Türkiye bu olay karşısında “üzüntülerini belirtmek” dışında çok dişe dokunur açıklamalar yapmadı. Rusya, Dışişleri Bakanlığı sözcüsü üzerinden “ABD seçim sisteminin eskimişliğine” vurgu yaptı. F.Alman tekelci sermayesinin yayın organları ise “ABD demokrasisini yıkmak için ancak ordu hareket ederse sonuç alınabileceğinin” altını çizen, farklı biçimlerde yorumlanacak açıklama geldi.
Biz olanları, ABD’deki tekelci sermaye gruplarının aralarındaki çelişkilerin politik arenaya yansımasının bir sonucu olarak değerlendiriyoruz. Trump bir kukla, Biden de öyle. Ancak, onların arkalarında destekçi konumda olan sermaye grupları ve onların Pentagon, CIA ve FBI içindeki uzantıları ile politik bürokrasi içindeki temsilcileri yaşanan olayların gerçek sahipleridirler.

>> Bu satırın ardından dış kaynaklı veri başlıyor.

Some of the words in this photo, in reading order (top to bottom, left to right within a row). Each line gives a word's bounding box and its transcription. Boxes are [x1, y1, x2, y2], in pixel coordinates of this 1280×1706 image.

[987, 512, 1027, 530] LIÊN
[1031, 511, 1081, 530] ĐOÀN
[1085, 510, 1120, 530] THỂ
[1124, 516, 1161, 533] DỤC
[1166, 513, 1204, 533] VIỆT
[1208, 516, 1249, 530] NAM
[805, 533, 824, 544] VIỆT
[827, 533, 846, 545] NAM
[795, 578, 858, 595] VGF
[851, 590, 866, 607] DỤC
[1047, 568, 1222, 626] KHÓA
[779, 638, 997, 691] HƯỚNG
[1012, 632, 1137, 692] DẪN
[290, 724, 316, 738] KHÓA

Bu tür, dizi film senaryosu gibi “baskın” ile ABD’deki seçim sonuçlarının ve statükonun değişmeyeceği herkes tarafından bilinmektedir. Neki, bu şov niteliğindeki senaryo ile ABD ve dünya kamuoyuna verilmek istenen bir mesaj vardı. O da, seçimler sonrası ortaya çıkan durumun tüm sermaye gruplarının ortak tercihi olmadığı gerçeğinin sansasyonel bir biçimde açıklanmasıdır.
Türkiye’deki Saray mukimlerinin bu senaryoyu seyrederek, iktidarlarını kaybettiklerinde buna benzer bir senaryo denemesi yapma konusunda ilham almış olmaları olasıdır. Hatta “bu iş öyle yapılmaz, böyle yapılır” tarzında yorumlar yapıldığı kulislerde konuşuluyor.

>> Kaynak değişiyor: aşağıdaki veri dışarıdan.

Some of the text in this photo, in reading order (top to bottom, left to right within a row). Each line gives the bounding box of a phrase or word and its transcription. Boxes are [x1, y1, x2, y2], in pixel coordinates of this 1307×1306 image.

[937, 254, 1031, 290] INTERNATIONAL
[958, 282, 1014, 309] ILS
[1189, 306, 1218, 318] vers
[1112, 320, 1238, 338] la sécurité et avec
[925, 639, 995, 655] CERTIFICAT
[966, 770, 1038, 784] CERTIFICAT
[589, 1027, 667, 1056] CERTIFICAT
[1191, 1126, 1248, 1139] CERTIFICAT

ABD Kongresi’ne yapılan “baskın” bize asıl şu mesajı vermelidir: Kapitalist iktidarın ve devletin temsili merkezi binalarına yapılan her “baskın” her zaman ilerici ve demokratik bir “baskın” olmak zorunda değildir. Belki “Sol” içinde, herhangi bir Latin Amerika veya Uzak Doğu ülkesinde böyle bir baskın haberi basına düştüğünde onu demokrasi güçlerinin bir zaferi olarak nitelendirmeye hazır olanlar çıkabilir. Bizim önerimiz bu tür “baskınların” arka planlarına ve sınıfsal niteliklerine dikkatlice bakılması yönündedir. Tekelci sermayenin kendi aralarındaki it dalaşında figüran rolünü üstlenmemeye dikkat edelim.